Ardwight Chamberlain ardchamber at earthlink.net
Wed Jun 1 11:12:46 EDT 2016


Listed now, auction ending Sunday, June 5. More details and images can be found at the URL below or by searching for the seller name arch_in_la. 

http://tinyurl.com/hbatry4

Thanks again,
Ardwight Chamberlain
Ann Arbor, MI


[Hannah More:] An Estimate of the Religion of the Fashionable World. By One of the Laity. London: Printed for T. Cadell, in the Strand, MDCCXCI [1791]. FIRST EDITION; small 8vo (15.5 cm) in early/period full tree calf tooled in gilt, gilt-lettered morocco spine label; [8], 261, [3] pp.; with the half-title page and terminal leaf of publisher's adverts. ESTC T33517.

The redoubtable Miss More takes the upper orders to task for their lack of religion and for the decline of Christianity in general (chapter vi, for example, is headed: "A stranger, observing the fashionable mode of life, would not take this to be a christian country").The book was popular and went through four editions in the first year alone, but examples of this first edition are rather uncommon: ESTC locates only two in the British Isles and eight in the U.S. Hannah More (1745-1833), poet, playwright, philanthropist, abolitionist and evangelical busybody, was a tireless (and to some, tiresome) moral reformer and one of the most influential women of her time.

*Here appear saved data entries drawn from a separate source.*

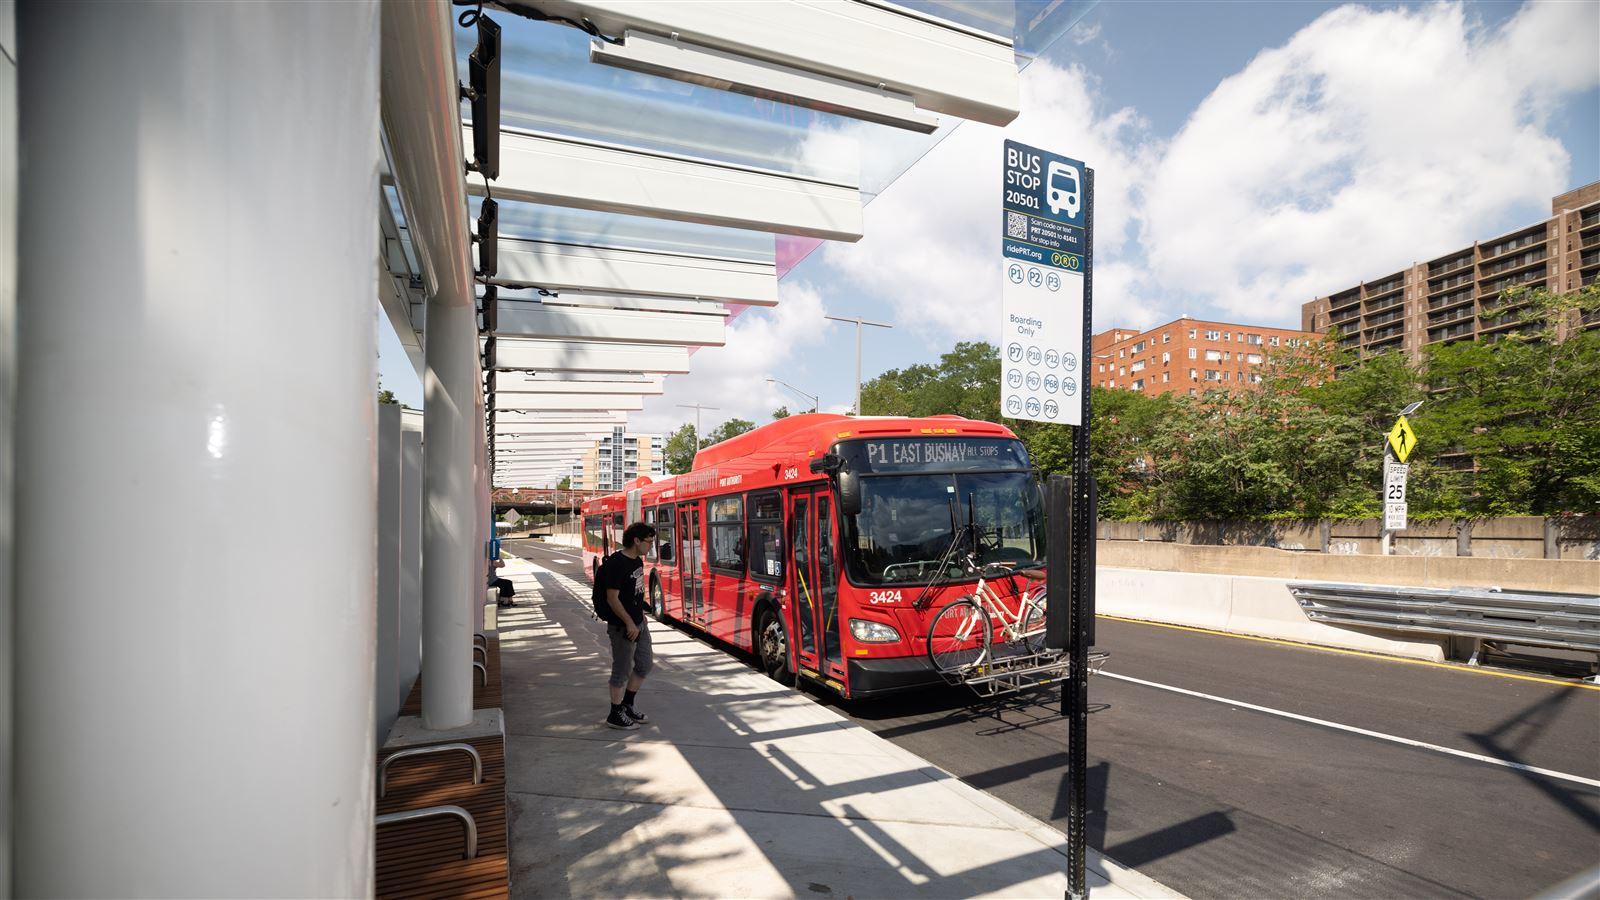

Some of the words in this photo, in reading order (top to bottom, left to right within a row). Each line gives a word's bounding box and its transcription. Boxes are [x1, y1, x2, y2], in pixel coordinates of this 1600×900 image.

[1008, 148, 1041, 174] BUS
[1007, 170, 1041, 190] STOP
[1006, 190, 1040, 209] 20501
[1031, 218, 1043, 226] Scan
[1043, 221, 1056, 230] code
[1031, 226, 1041, 234] PRT
[1041, 229, 1057, 238] 20501
[1063, 234, 1077, 243] 41411
[1006, 245, 1042, 260] ridePRT.org
[1010, 314, 1042, 329] Boarding
[1018, 325, 1035, 337] Only
[867, 444, 889, 463] P1
[893, 443, 921, 463] EAST
[925, 443, 967, 462] BUSWAY
[967, 446, 978, 456] ALL
[980, 446, 999, 456] STOPS
[785, 468, 798, 480] 3424
[1390, 466, 1406, 474] SPEED
[1388, 485, 1403, 500] 25
[870, 590, 902, 604] 3424

Binding with modest rubbing and crazing, light wear to the corners; title-page and last page with some offsetting (browning) to the edges from the original binder's glue, a few light spots, else the contents are unusually clean, bright and crisp, firmly bound in period tree calf. A handsome copy. The front and rear covers bear a gilt-tooled monogram of the letter "B" surmounted by a coronet, the owner no doubt being a member of that fashionable social set which had so disappointed the author.